Aprons, and the labour of Christmas; a Christmas meal underway. For countless women, the festive season is not a holiday and when the food is ready, the order of service is already decided.

Photo credit: Photo | Pool

What you need to know:

  • Christmas demands women's labour while men wait to be served.
  • Who eats first reveals whose comfort matters most.
  • The girls watching are learning.

Who eats first at Christmas? It sounds like a simple question, almost a harmless one. Yet in many homes, the answer reveals far more than what is on the table. It exposes whose comfort is prioritised, whose labour is assumed, and whose presence is central—and whose is conditional. In the festive season, food becomes a quiet language of power, tradition, and gender.

For countless women, Christmas is not a holiday.

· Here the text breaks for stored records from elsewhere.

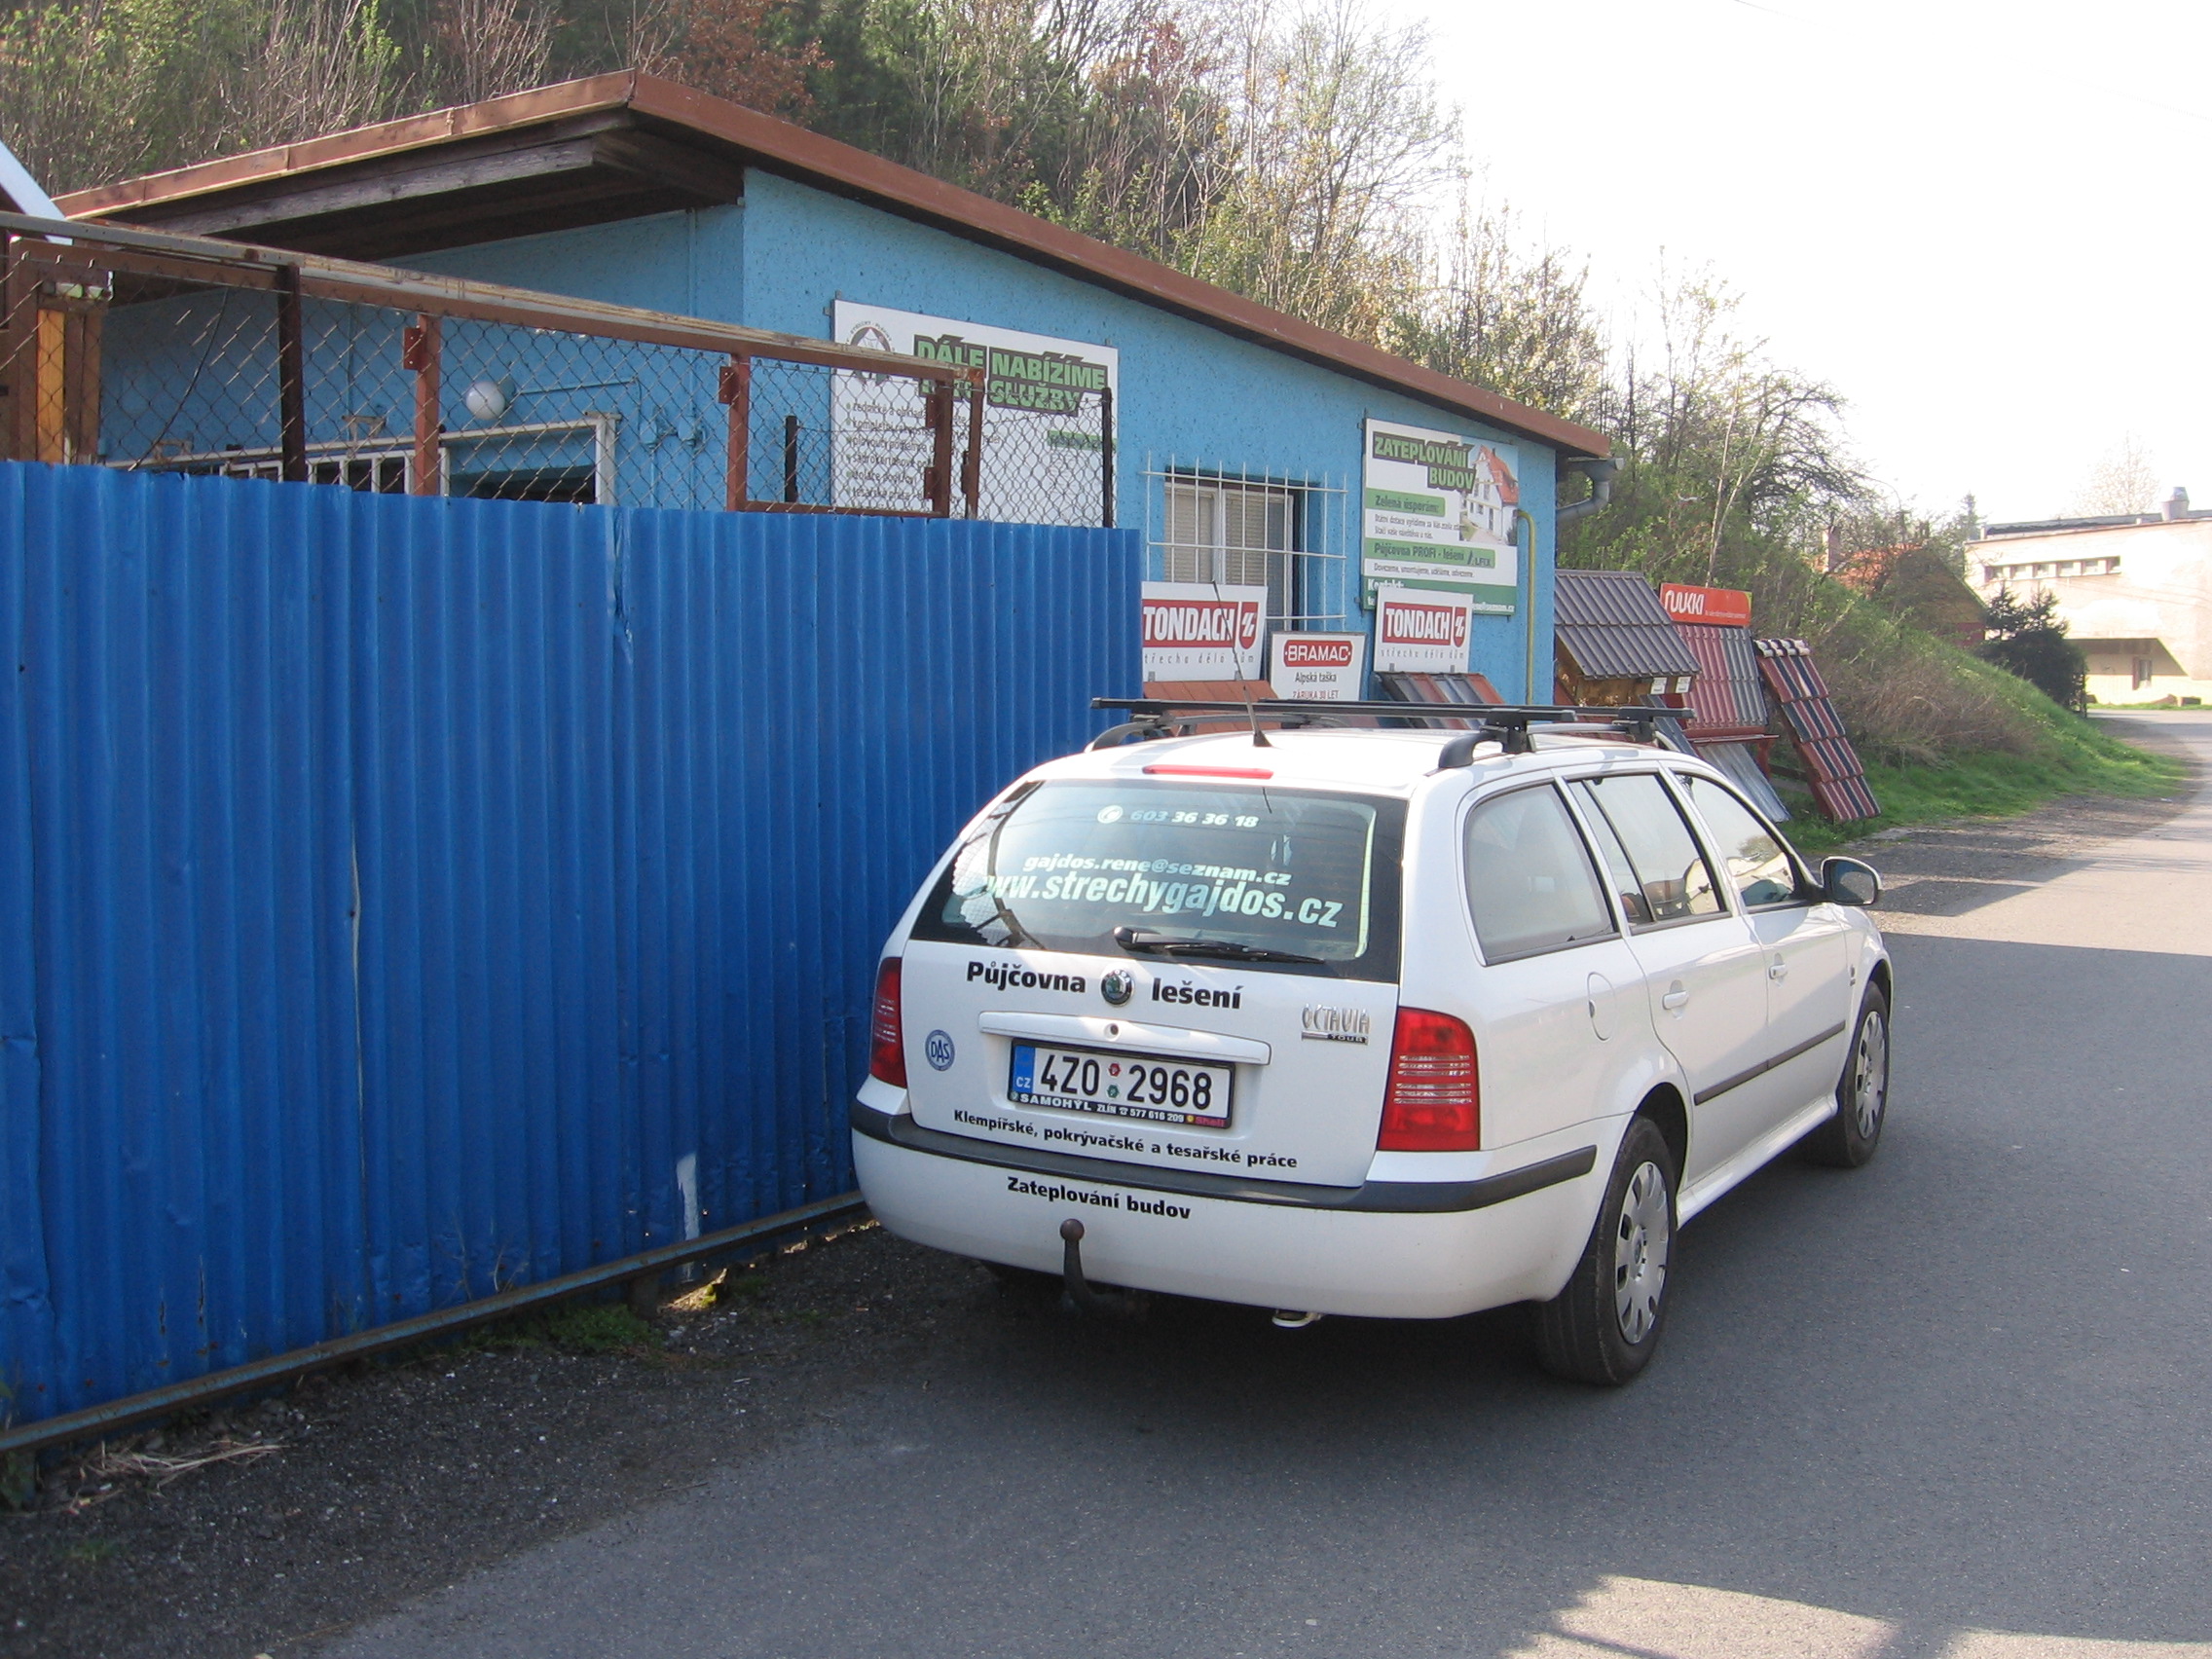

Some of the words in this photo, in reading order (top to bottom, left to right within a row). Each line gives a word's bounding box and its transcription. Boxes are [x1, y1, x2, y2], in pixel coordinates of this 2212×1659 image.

[916, 338, 985, 369] DÁLE
[991, 351, 1107, 390] NABÍZÍME
[989, 380, 1081, 412] SLUŽBY
[1374, 435, 1467, 467] ZATEPLOVÁNÍ
[1429, 467, 1474, 490] BUDOV
[1142, 606, 1235, 642] TONDACH
[1385, 608, 1451, 640] TONDACH
[1287, 644, 1349, 662] BRAMAC
[1129, 809, 1167, 822] 603
[1171, 811, 1198, 824] 36
[1201, 813, 1229, 826] 36
[1234, 815, 1259, 828] 18
[1022, 853, 1292, 886] gajdos.rene@seznam.cz
[987, 871, 1344, 928] ww.strechygajdos.cz
[966, 960, 1087, 994] Půjčovna
[1151, 977, 1245, 1010] lešení
[1302, 1003, 1370, 1034] OCTAVIA
[931, 1040, 950, 1063] DAS
[1015, 1077, 1031, 1089] CZ
[1126, 1064, 1212, 1110] 2968
[1019, 1093, 1092, 1112] SAMOHÝL
[1129, 1109, 1147, 1119] 577
[954, 1109, 1038, 1138] Klempířské,
[1044, 1127, 1145, 1153] pokrývačské
[1151, 1143, 1161, 1155] a
[1166, 1142, 1241, 1163] tesařské
[1247, 1152, 1298, 1168] práce
[1007, 1175, 1120, 1209] Zateplování
[1126, 1195, 1192, 1219] budov

It is a season of intensified work, heightened expectation, and invisible responsibility. Long before carols are sung, homes are planned, budgets stretched, and meals considered down to the smallest detail. Women shop, cook, clean, organise, and host, ensuring that the celebration happens—all while being expected to do so joyfully, without complaint. And when the first plate is served, they wait until everyone else has eaten before they themselves sit down.

Wapi chakula?

Picture this scene during Christmas. In the kitchen, women have lesos tied around their waists or aprons dusted with flour. Hands roll chapati after chapati. Chicken fries in hot oil. Pilau simmers on the stove. Children too, need attention. The women move without pause. In the living room, or under a shade in the compound, men sit with drinks in hand—conversation flowing easily. When hunger grows impatient, a voice calls out: "Wapi chakula? Tunangoja! (Where’s the food? We are waiting!)" Not a question. An expectation.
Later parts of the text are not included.